Addressing swine fever threat in Asian countries

The teams will identify and prioritise the actions that are required for countries to take in the short, medium and longer term. (Image source: Ryan Eby/Flickr)

The UN Food and Agriculture Organisation (FAO) has opened a three-day emergency meeting to examine the most recent developments in China following the outbreak of African Swine Fever (ASF) in the country, aiming to tackle the ASF outbreak in Asian countries

The specialists, veterinary epidemiologists and laboratory experts, as well as other senior technical staff, directly involved with regulatory aspects of disease prevention and control planning, are drawn from 10 countries with geographical proximity to China, and perceived to be at risk of a transboundary spread of ASF.

The participants are from Cambodia, China, Japan, Lao PDR, Mongolia, Myanmar, the Philippines, Republic of Korea, Thailand, and Vietnam. Experts from outside of the region will also attend as will participants from the private commercial swine sector.

Outbreaks of ASF have occurred in Europe and the Americas as early as the 1950’s and through the 1980’s. However, in 2007, a new introduction of ASF occurred in the Republic of Georgia, which then spread to neighbouring countries and deeply affected Eastern Europe.

“It’s critical that this region be ready for the very real possibility that ASF could jump the border into other countries,” said Wantanee Kalpravidh, Regional Manager of the FAO Emergency Centre for Transboundary Animal Diseases (ECTAD) in Asia. “That’s why this emergency meeting has been convened – to assess where we are now – and to determine how we can work together in a coordinated, regional response to this serious situation.”

In order to reach a consensus on the way forward, this emergency meeting will also review recent research studies and technologies and consider lessons from the most recent and ongoing episodes of ASF in Europe in the aftermath of its introduction since 2007. Representatives from the World Organisation for Animal Health (OIE) will also participate.

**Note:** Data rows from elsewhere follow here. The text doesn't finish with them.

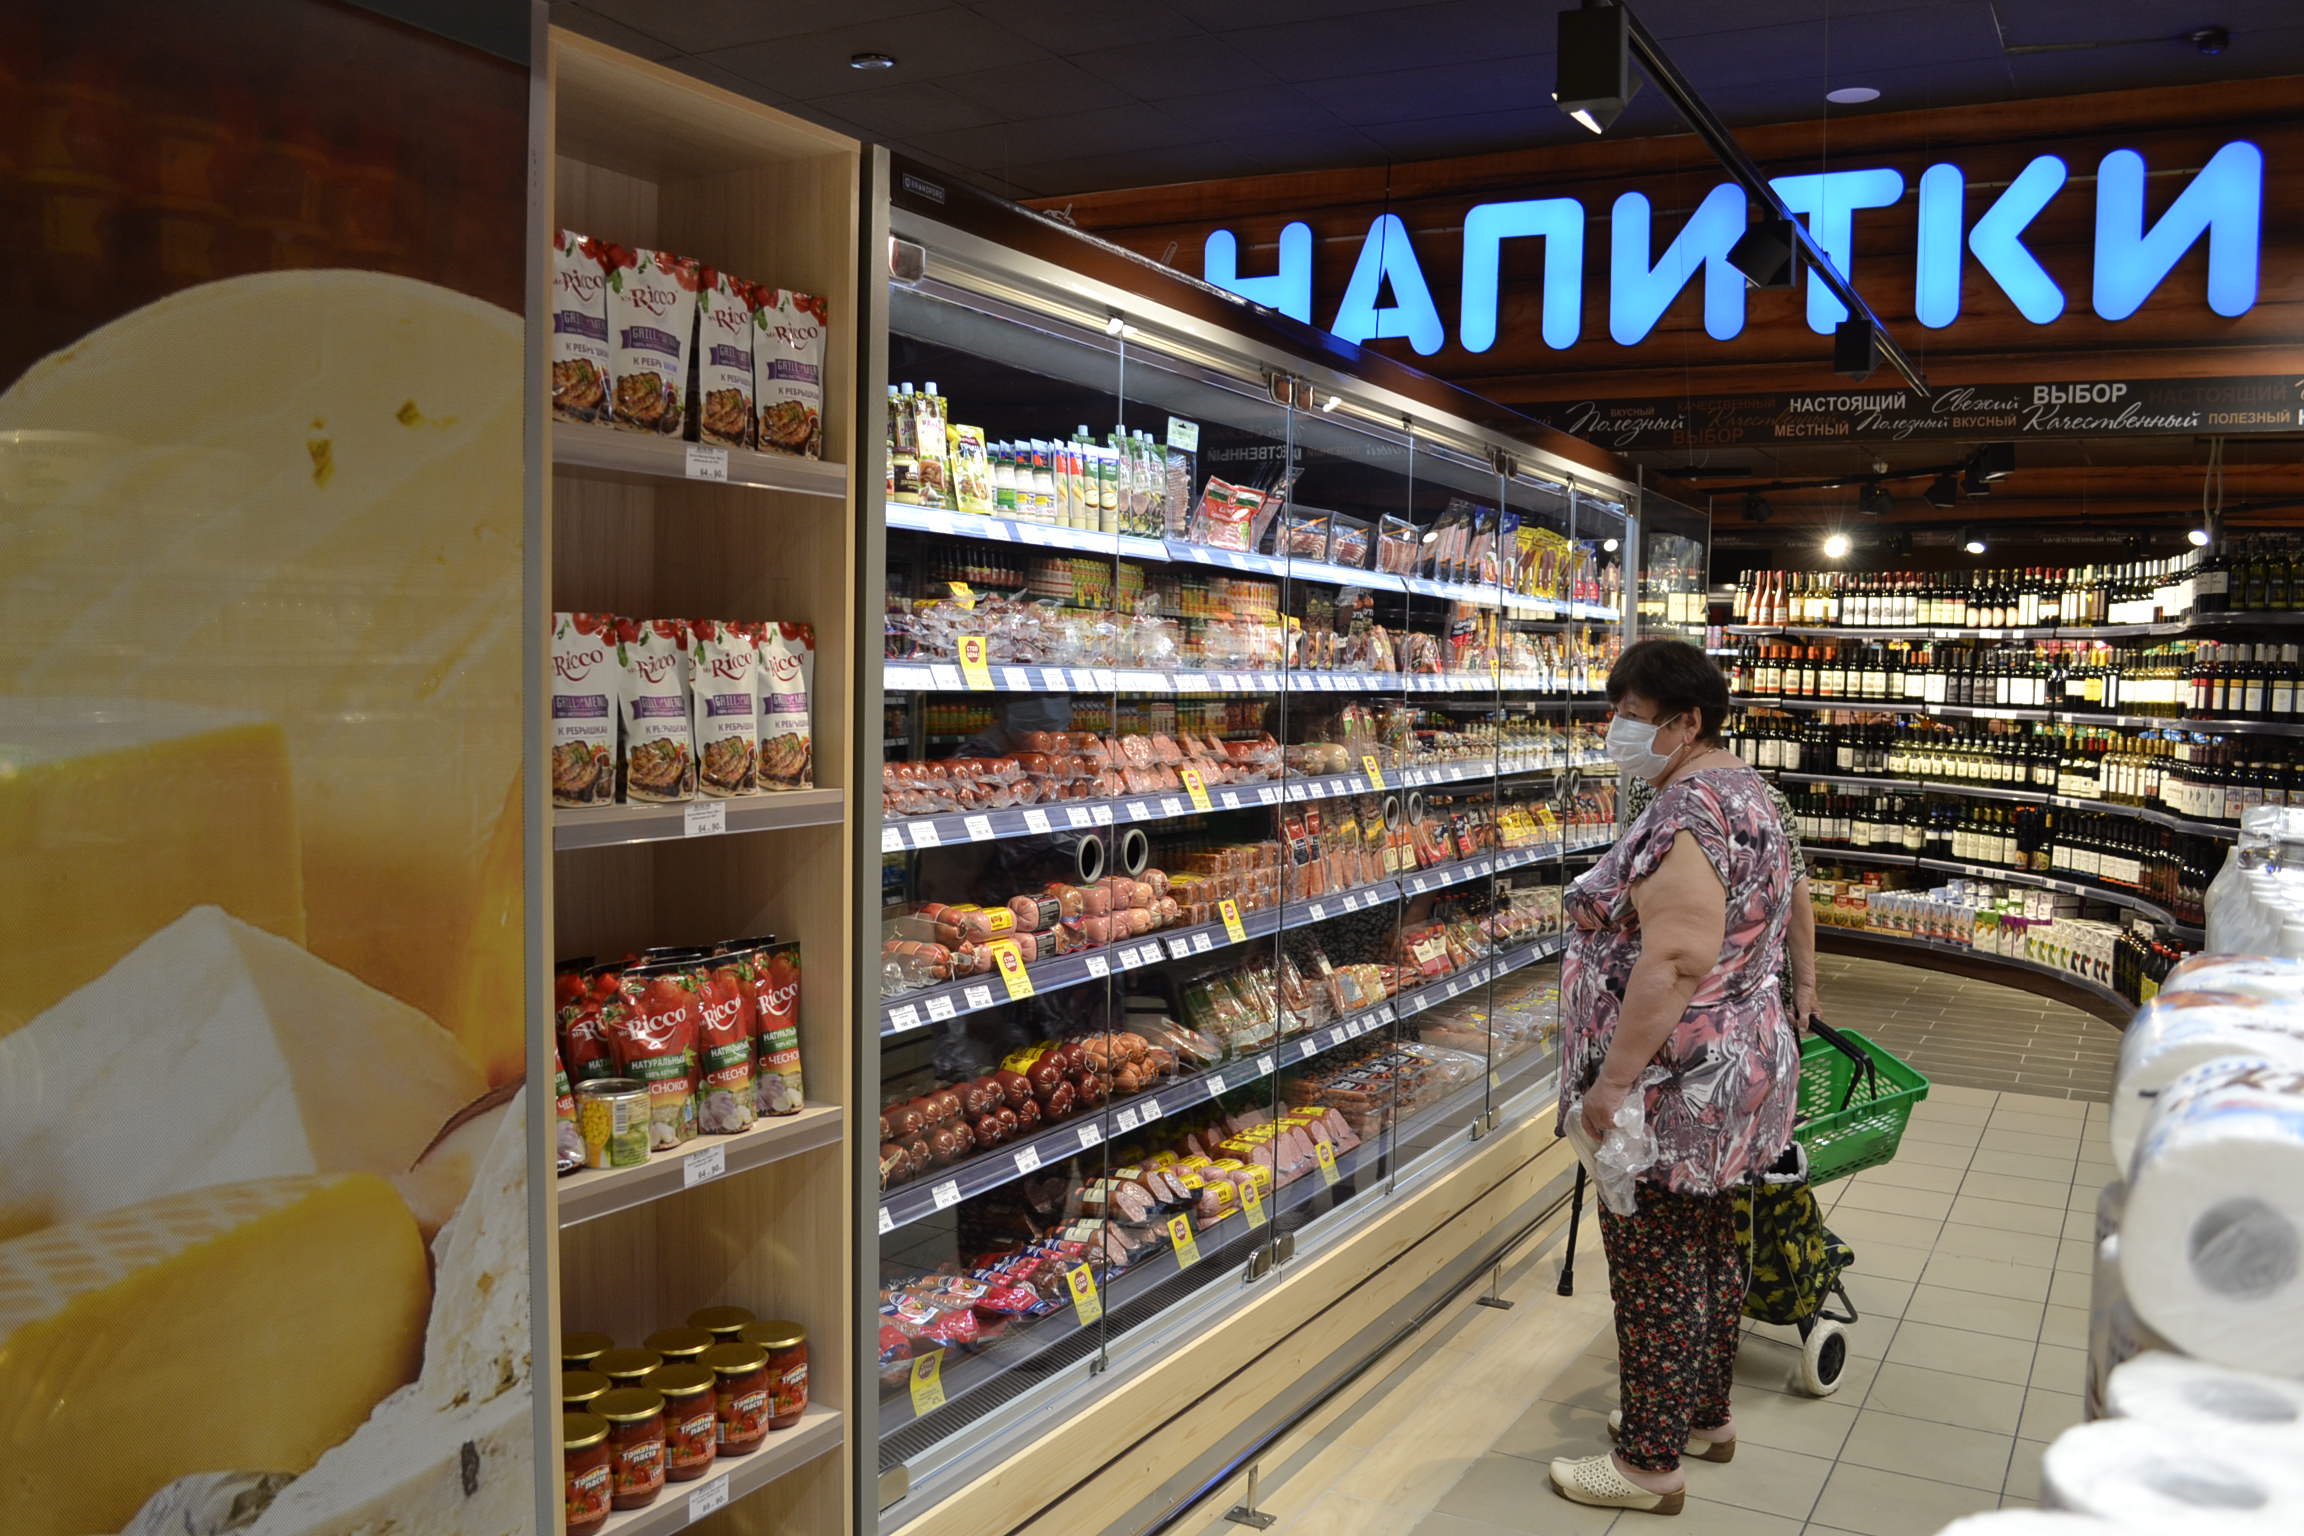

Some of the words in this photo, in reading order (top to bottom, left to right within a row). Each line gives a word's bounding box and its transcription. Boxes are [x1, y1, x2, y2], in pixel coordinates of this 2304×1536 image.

[1204, 138, 2264, 356] НАПИТКИ
[629, 284, 677, 316] Ricco
[1789, 391, 1906, 414] НАСТОЯЩИЙ
[1931, 387, 2022, 414] Свежий
[2033, 383, 2127, 405] ВЫБОР
[1566, 400, 1687, 447] Полезный
[1609, 406, 1656, 418] ВКУСНЫЙ
[1855, 408, 1950, 441] Полезный
[1952, 414, 2017, 428] ВКУСНЫЙ
[2022, 401, 2200, 431] Качественный
[2208, 410, 2291, 425] ПОЛЕЗНЫЙ
[1672, 426, 1745, 446] ВЫБОР
[1774, 421, 1850, 437] МЕСТНЫЙ
[552, 649, 604, 682] Ricco
[636, 654, 677, 684] Ricco
[711, 652, 753, 681] Ricco
[702, 994, 742, 1031] Ricco
[758, 983, 799, 1016] Ricco
[625, 1007, 687, 1042] Ricco
[759, 1058, 768, 1067] С
[707, 1074, 716, 1085] С

“It’s very important to understand how this virus has spread, historically, within the pig and wild boar populations in other regions of the world, so that we can adapt and tailor appropriate responses and determine the correct course of action needed here in this region,” said Juan Lubroth, chief veterinary officer at FAO.

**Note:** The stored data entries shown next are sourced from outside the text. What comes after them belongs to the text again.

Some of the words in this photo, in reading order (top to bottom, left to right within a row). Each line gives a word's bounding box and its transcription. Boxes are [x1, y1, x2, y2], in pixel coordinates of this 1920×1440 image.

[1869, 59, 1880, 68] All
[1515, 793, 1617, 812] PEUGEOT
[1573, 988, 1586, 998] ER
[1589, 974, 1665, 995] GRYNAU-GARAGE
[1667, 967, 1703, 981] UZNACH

“The fact this emergency meeting of experts from Asia and beyond has convened as quickly as it has is emblematic of the concern our member countries have over this outbreak, and the very real threat it poses to their livestock, their national food security and the livelihoods of millions of people along that value chain,” said Kundhavi Kadiresan, assistant director-general and regional representative of FAO for Asia and the Pacific.